表5 癌原性HPVに起因する持続感染及び組織病変に対する有効性(プロトコールに準拠したコホート)注)
HPV型 | 持続感染(6ヵ月定義) | CIN2+ |
本剤 | 対照 | 有効性(%) (95%CI) | 本剤 | 対照 | 有効性(%) (95%CI) |
発生例数 | 発生例数 | 発生例数 | 発生例数 |
HPV-16に近縁の型 |
HPV-31 | 58 | 247 | 76.8 (69.0,82.9) | 5 | 40 | 87.5 (68.3,96.1) |
HPV-33 | 65 | 117 | 44.8 (24.6,59.9) | 13 | 41 | 68.3 (39.7,84.4) |
HPV-35 | 67 | 56 | -19.8 (-74.1,17.2) | 3 | 8 | 62.5 (-56.5,93.6) |
HPV-52 | 346 | 374 | 8.3 (-6.5,21.0) | 24 | 33 | 27.6 (-26.3,59.1) |
HPV-58 | 144 | 122 | -18.3 (-51.8,7.7) | 15 | 21 | 28.5 (-45.5,65.7) |
HPV-18に近縁の型 |
HPV-39 | 175 | 184 | 4.8 (-17.7,23.1) | 4 | 16 | 74.9 (22.3,93.9) |
HPV-45 | 24 | 90 | 73.6 (58.1,83.9) | 2 | 11 | 81.9 (17.0,98.1) |
HPV-59 | 73 | 68 | -7.5 (-51.8,23.8) | 1 | 5 | 80.0 (-79.1,99.6) |
HPV-68 | 165 | 169 | 2.6 (-21.5,21.9) | 11 | 15 | 26.8 (-70.7,69.6) |
その他のHPV型 |
HPV-51 | 349 | 416 | 16.6 (3.6,27.9) | 21 | 46 | 54.4 (22.0,74.2) |
HPV-56 | 226 | 215 | -5.3 (-27.5,13.1) | 7 | 13 | 46.1 (-45.2,81.8) |
HPV-66 | 211 | 215 | 2.3 (-18.7,19.6) | 7 | 16 | 56.4 (-12.1,84.8) |
試験開始時に血清抗体陰性であった被験者の3回目接種1ヵ月後のGMTは、抗HPV-16抗体が9341.5 EL.U/mL(95%CI:8760.4-9961.1)及び抗HPV-18抗体が4769.6 EL.U/mL(95%CI:4491.2-5065.3)であった
5)。
本剤接種後7日間(接種当日も含む)の日誌による安全性調査を行った3184例のうち、局所(注射部位)の副反応発現頻度は91.2%(2805/3077例)であり、疼痛90.5%(2786/3077例)、発赤43.8%(1348/3077例)、腫脹42.0%(1292/3077例)であった。また、全身性の副反応発現頻度は57.6%(1772/3076例)であった。主なものは、疲労39.8%(1223/3076例)、筋肉痛39.3%(1209/3076例)、頭痛30.7%(943/3076例)であった。

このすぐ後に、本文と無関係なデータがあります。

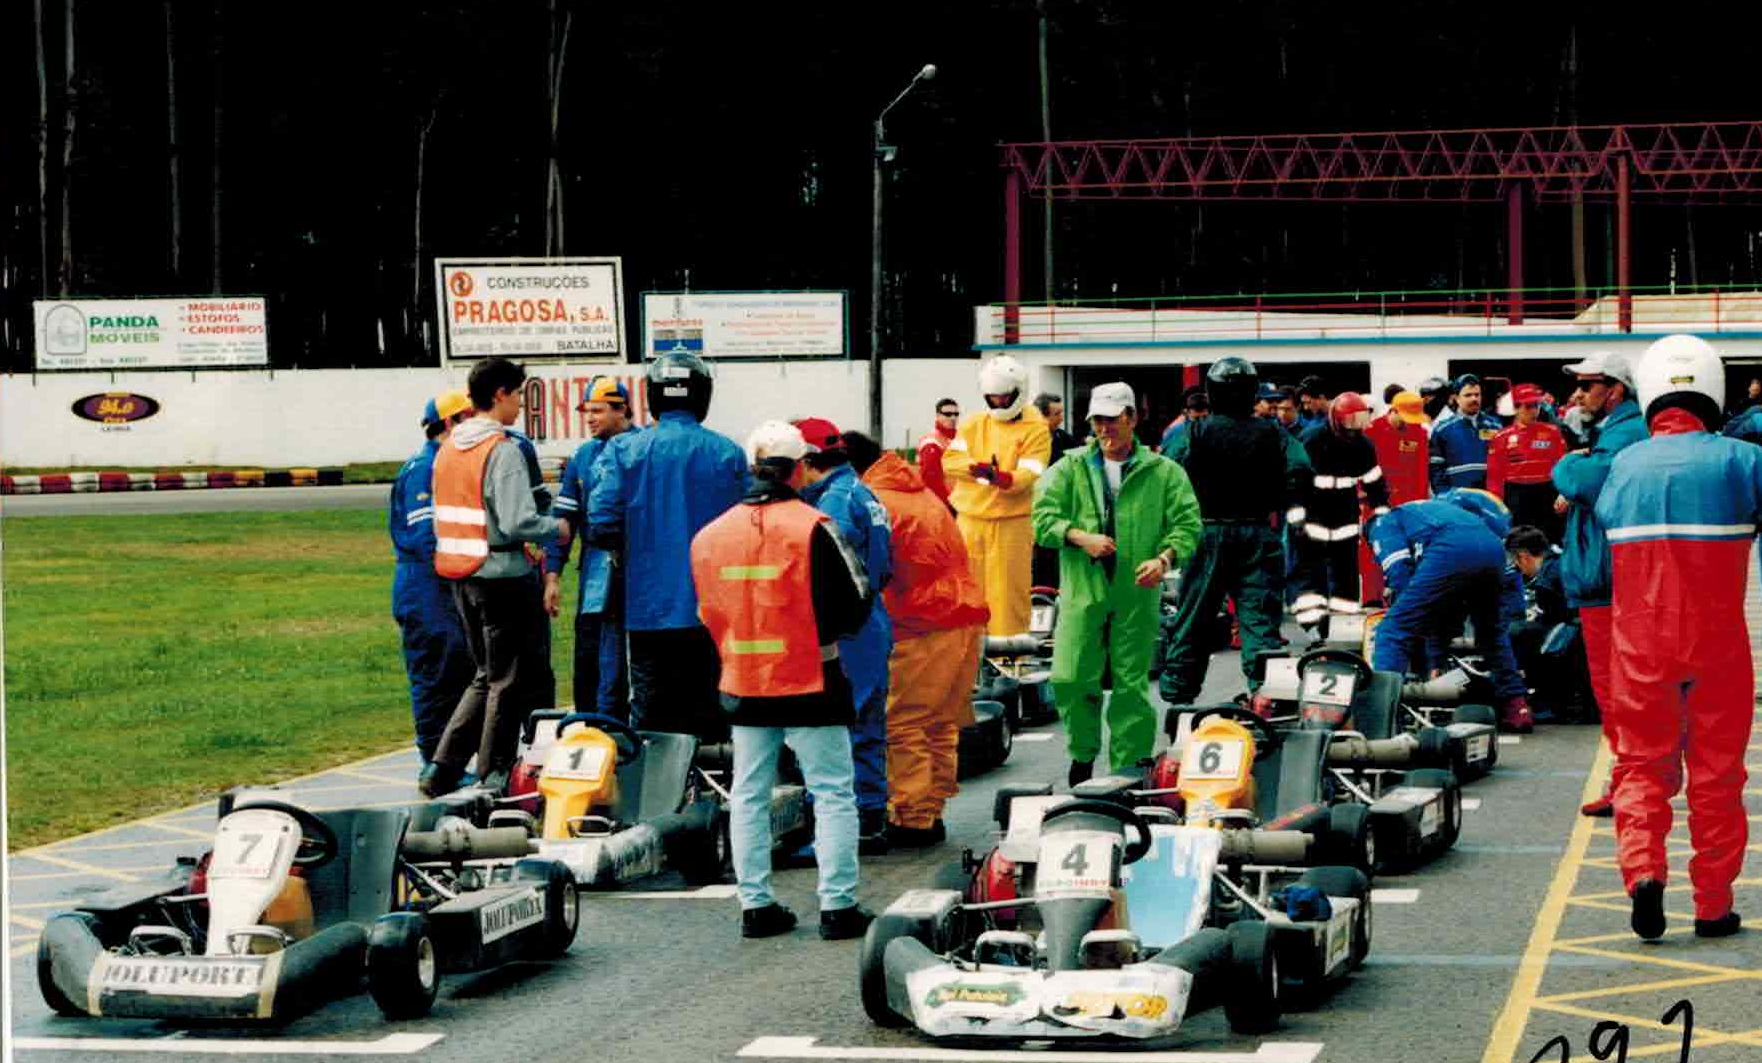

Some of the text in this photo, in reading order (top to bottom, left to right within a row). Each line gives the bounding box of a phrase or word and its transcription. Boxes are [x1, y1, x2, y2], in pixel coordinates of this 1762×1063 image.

17.1.5 海外第II相試験(HPV-001試験、HPV-007試験、HPV-023試験)
15〜25歳の女性1113例を対象とした二重盲検比較試験(HPV-001試験)において、有効性をプラセボと比較した。また、HPV-001試験で3回のワクチン接種を完了した776例を継続して追跡調査試験(HPV-007試験)に登録し、本剤の長期有効性を評価した。HPV-001及びHPV-007試験を併合解析した組織病変に対する有効性を表6に示した
6)。また、HPV-001/007試験を完了した437例を対象に追跡調査試験(HPV-023試験)を実施し、更なる長期有効性を評価した。その結果、HPV-16/18に起因する6ヵ月持続感染、12ヵ月持続感染及びCIN1+について、本剤群では新たな発症例は認められなかったが、対照群ではそれぞれ4例、1例及び1例の発症が認められた。現在までに1回目接種後、最長9.4年間(平均追跡期間約8.9年)までの予防効果が持続することが確認されている。
表6 組織病変に対する有効性(総コホート注))
HPV-16/18に起因するエンドポイント | 本剤 | プラセボ | 有効性(%) (95%CI) |
被験者数 | 発生例数 | 被験者数 | 発生例数 |
CIN2+ | 481 | 0 | 470 | 9 | 100 (51.3,100) |
HPV-001、HPV-007及びHPV-023試験において、HPV-16及びHPV-18に対するGMTは1回目の接種から7ヵ月目にピークに達し、以後18ヵ月目からはプラトーに達し9.4年(113ヵ月)まで維持された。また、113ヵ月目時点でHPV-16及びHPV-18のいずれも、GMTは自然感染による抗体価の10倍以上であり、抗体陽性率はそれぞれ100%を維持した。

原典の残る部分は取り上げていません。